Repeat the following entries verbatim, apart from the pictures.

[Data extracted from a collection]
-- Opening Marker --

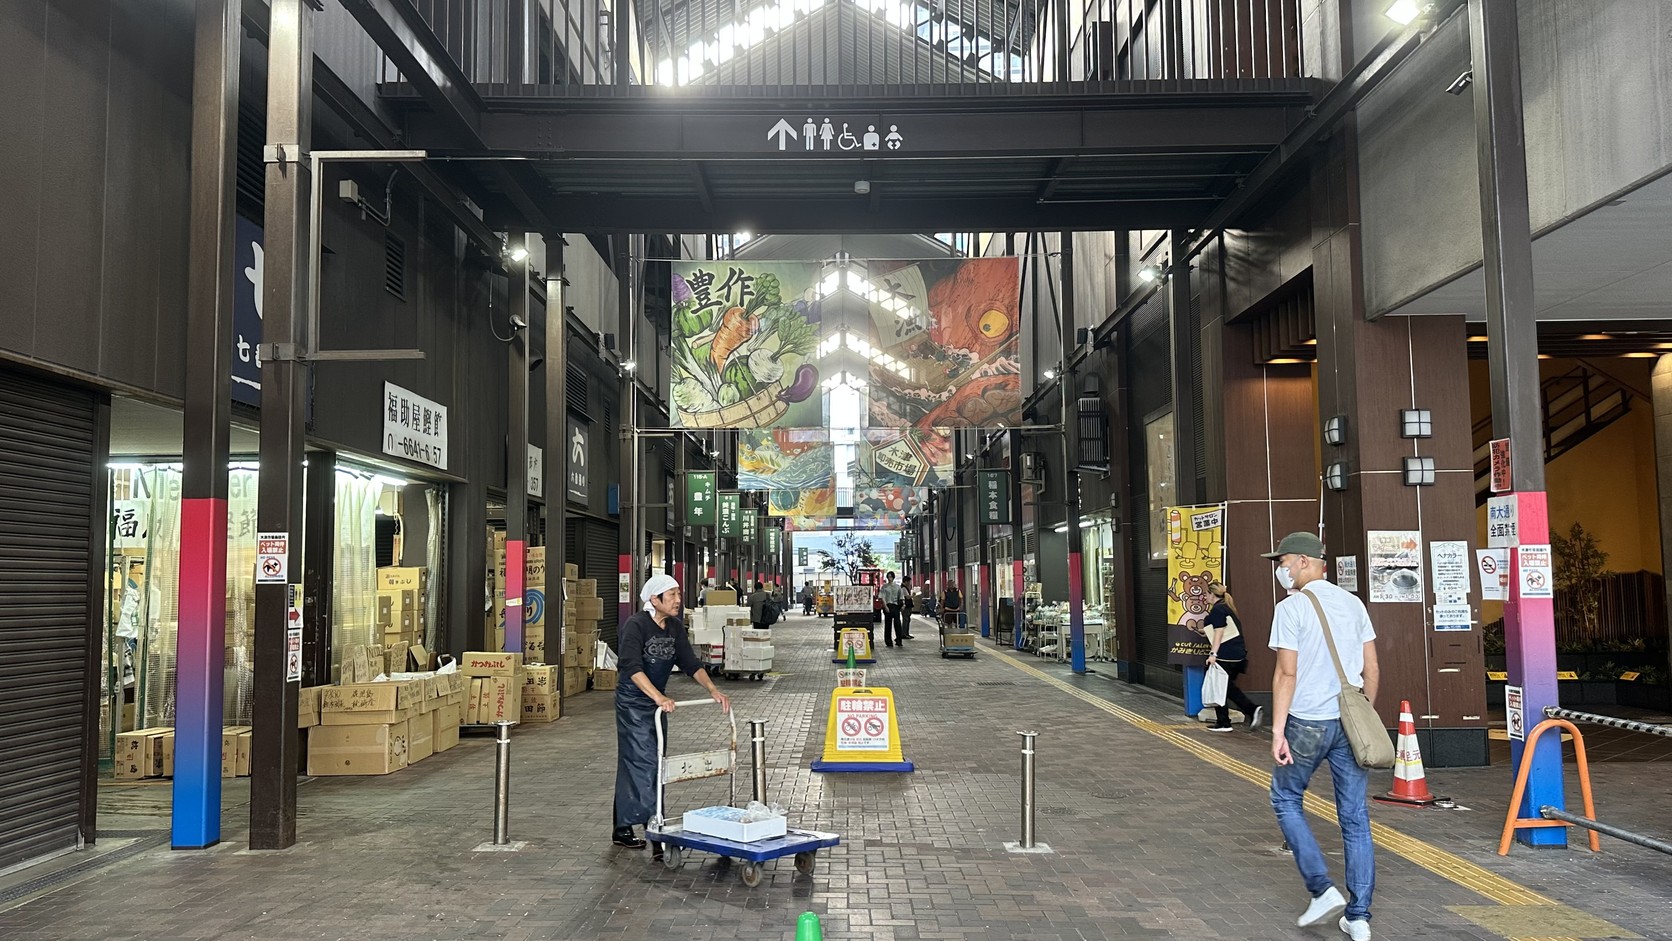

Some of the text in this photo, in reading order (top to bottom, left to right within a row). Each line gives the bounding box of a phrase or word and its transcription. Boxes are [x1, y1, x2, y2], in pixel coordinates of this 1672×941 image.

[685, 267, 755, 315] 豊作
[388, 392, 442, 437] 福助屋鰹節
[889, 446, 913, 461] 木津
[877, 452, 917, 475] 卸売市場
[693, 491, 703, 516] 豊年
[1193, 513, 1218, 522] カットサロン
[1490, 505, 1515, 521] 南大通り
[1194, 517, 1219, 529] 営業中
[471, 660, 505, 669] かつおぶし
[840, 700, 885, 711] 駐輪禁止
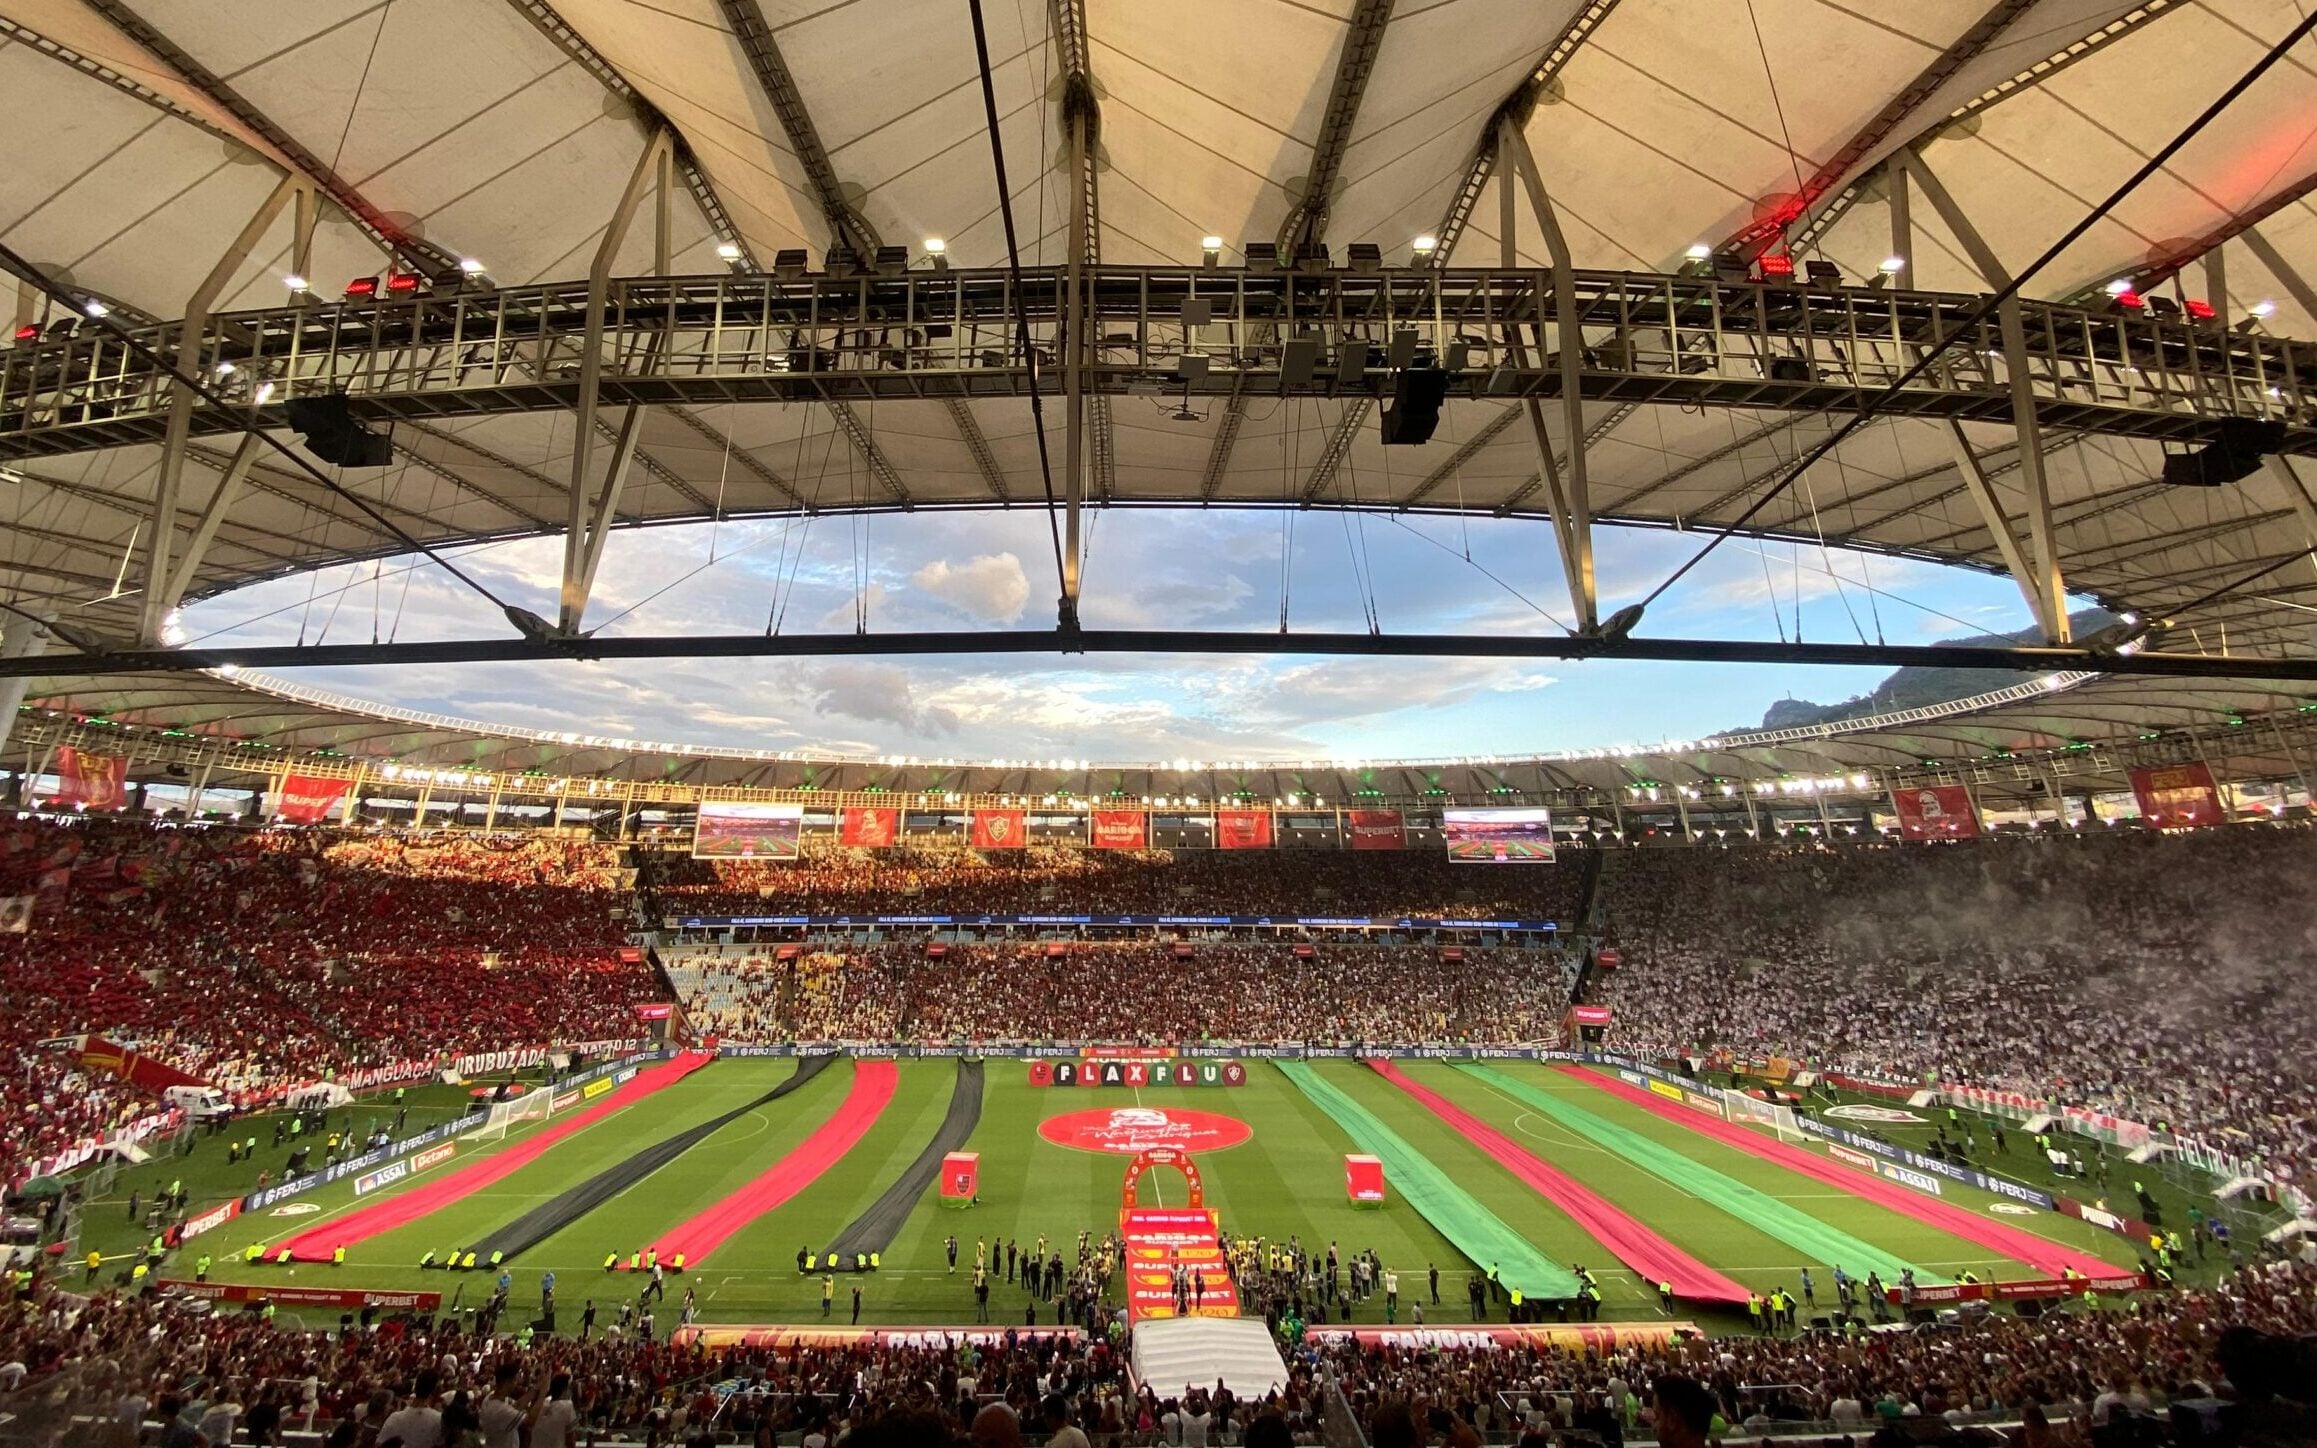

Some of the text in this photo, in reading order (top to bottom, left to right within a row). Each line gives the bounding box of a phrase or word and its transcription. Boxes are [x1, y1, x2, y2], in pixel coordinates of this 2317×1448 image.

-- Closing Marker --

§ **Task response**
Some of the text in this photo, in reading order (top to bottom, left to right within a row). Each line gives the bounding box of a phrase or word and its transcription. Boxes are [x1, y1, x2, y2], in pixel coordinates of this 1672×941 image.

[685, 267, 755, 315] 豊作
[388, 392, 442, 437] 福助屋鰹節
[889, 446, 913, 461] 木津
[877, 452, 917, 475] 卸売市場
[693, 491, 703, 516] 豊年
[1193, 513, 1218, 522] カットサロン
[1490, 505, 1515, 521] 南大通り
[1194, 517, 1219, 529] 営業中
[471, 660, 505, 669] かつおぶし
[840, 700, 885, 711] 駐輪禁止

Some of the text in this photo, in reading order (top to bottom, left to right within a row). Each line gives the bounding box of a phrase or word and its transcription. Boxes are [x1, y1, x2, y2], in pixel coordinates of this 2317×1448 image.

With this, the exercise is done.